WHAT NEEDS TO BE DONE. A faithful copy of all the entries is required, with no pictures in it.

Data extracted from a collection
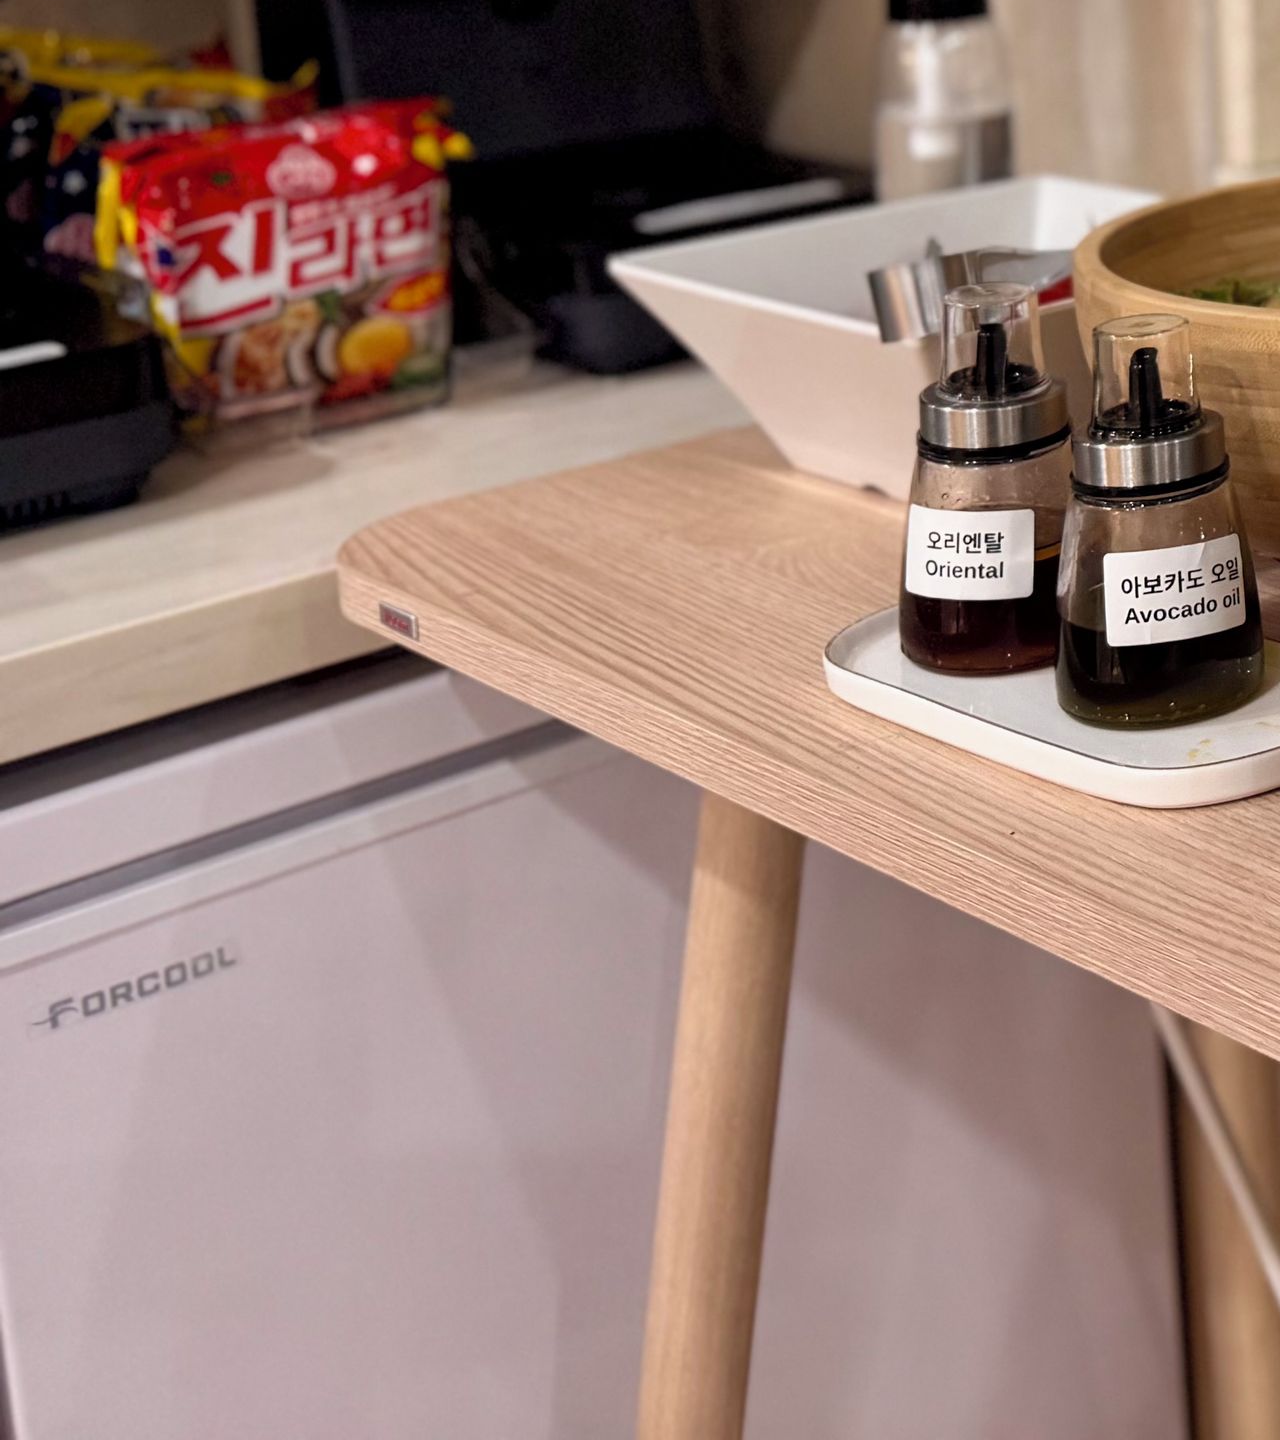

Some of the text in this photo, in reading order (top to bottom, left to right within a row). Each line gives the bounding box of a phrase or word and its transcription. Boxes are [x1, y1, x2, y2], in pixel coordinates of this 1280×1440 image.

[174, 197, 434, 328] 진라면
[927, 531, 1004, 553] 오리엔탈
[926, 560, 1004, 579] Oriental
[1121, 557, 1239, 598] 아보카도 오일
[1125, 587, 1240, 624] Avocado oil
[36, 947, 237, 1029] FORCOOL

SOLUTION TO THIS TASK.
Some of the text in this photo, in reading order (top to bottom, left to right within a row). Each line gives the bounding box of a phrase or word and its transcription. Boxes are [x1, y1, x2, y2], in pixel coordinates of this 1280×1440 image.

[174, 197, 434, 328] 진라면
[927, 531, 1004, 553] 오리엔탈
[926, 560, 1004, 579] Oriental
[1121, 557, 1239, 598] 아보카도 오일
[1125, 587, 1240, 624] Avocado oil
[36, 947, 237, 1029] FORCOOL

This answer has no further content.